With the trappings removed, what’s left is elemental Story—action, dialog, and word play, relentlessly impelling the story on a direct path from beginning to end. This, of course, is the aim of the picture book writer. And I can’t help but get a feel for it when I learn and tell folktales.
Storytelling helps my writing even more directly by letting me test my own stories in performance. We authors are often warned that the kids we know don’t make good judges. But, let me tell you, a roomful of young strangers makes a very good judge. It lets me know each moment if the story is working. Then I can take the story back to the computer and strengthen it before the next trial-by-fire. The result is a 100% kid-tested story.
I also find that practicing and performing a story-in-progress helps me come up with the simplest and most natural wording for what I want to say.
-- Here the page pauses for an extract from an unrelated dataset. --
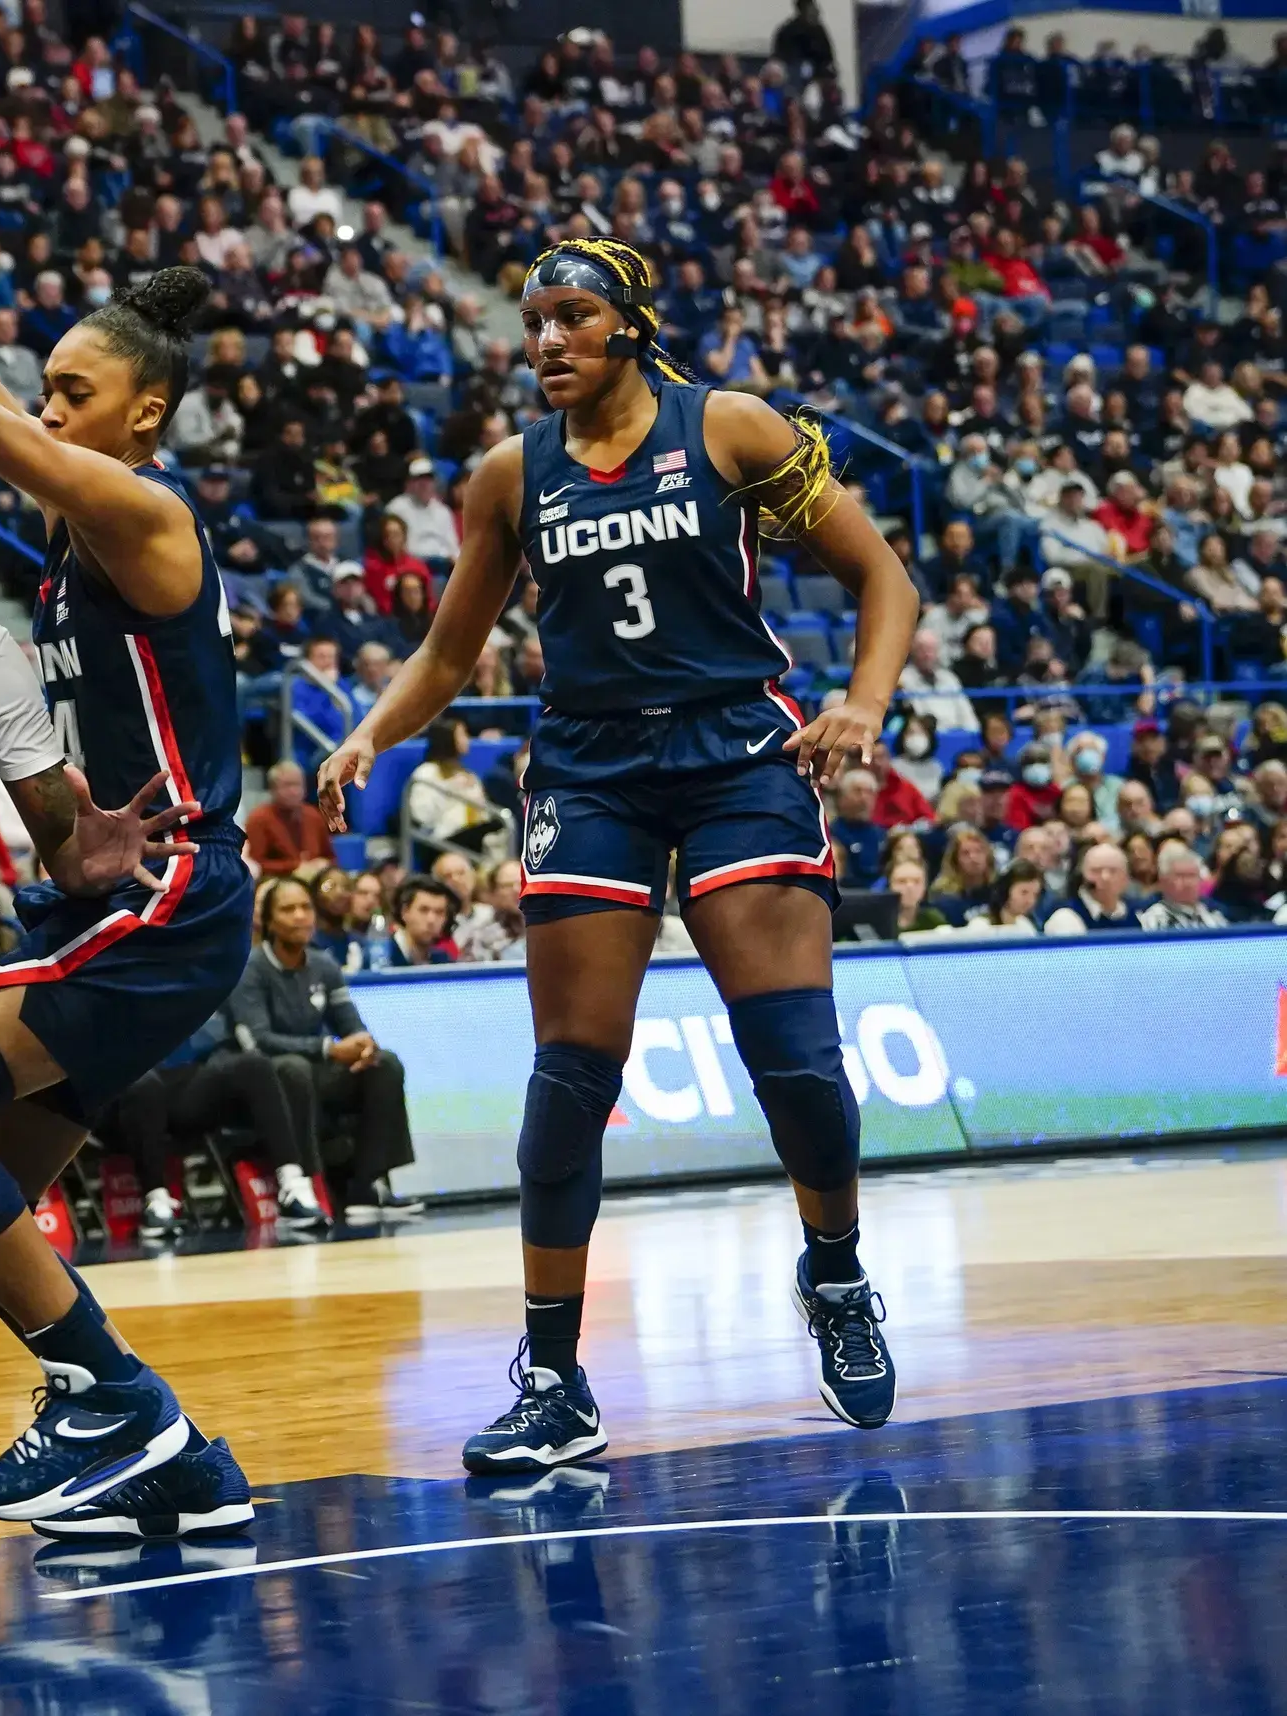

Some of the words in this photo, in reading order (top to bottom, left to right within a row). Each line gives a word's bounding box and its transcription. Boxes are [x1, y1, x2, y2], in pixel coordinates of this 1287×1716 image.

The story becomes more readable, and a better candidate for bedtime and story hours.
In one case, I combined storytelling and writing in an even more integral way. This was when I retold the folktale, “The Boy Who Went Forth to Learn What Fear Was”—or, as I renamed it, “The Boy Who Wanted the Willies.” The story is set mainly in a haunted castle, where a string of scary visitors fails to make the least impression on a ridiculously fearless hero.
The problem I saw with the tale was that many of the original incidents wouldn’t click with today’s kids. I had to find ones that would.
So I began performing the story as an improvisation piece. I got the boy into the castle in the dead of night, the clock struck one, and “something very scary happened. What was it?” One of the kids would tell me, and then I would invent on the spot how the hero dealt with it. The clock would then strike two, and so on, until I was ready to wind up the story.
In this way, I got a list of about fifteen scary incidents that would work with today’s kids. When I was ready to put the story on disk, I just picked the best ones and stretched them a bit. (But I still perform the story as an improv. It’s more fun!)
Storytelling also helps me in promoting myself as a children’s writer. By going public, I’m creating an ever-larger audience for my children’s books, as well as opportunities for direct book sales. And my acquired skill in captivating crowds of squirrelly youngsters makes me a natural for author visits, writer workshops, and other such events.
One warning: Storytelling requires a large investment of time for finding and learning stories. As you get more serious, performances and marketing can also take big chunks. A writer with limited time might do better sticking to the keyboard.
But I’m not sure I could ever give it up. It’s too much fun. And I wouldn’t be the same writer without it.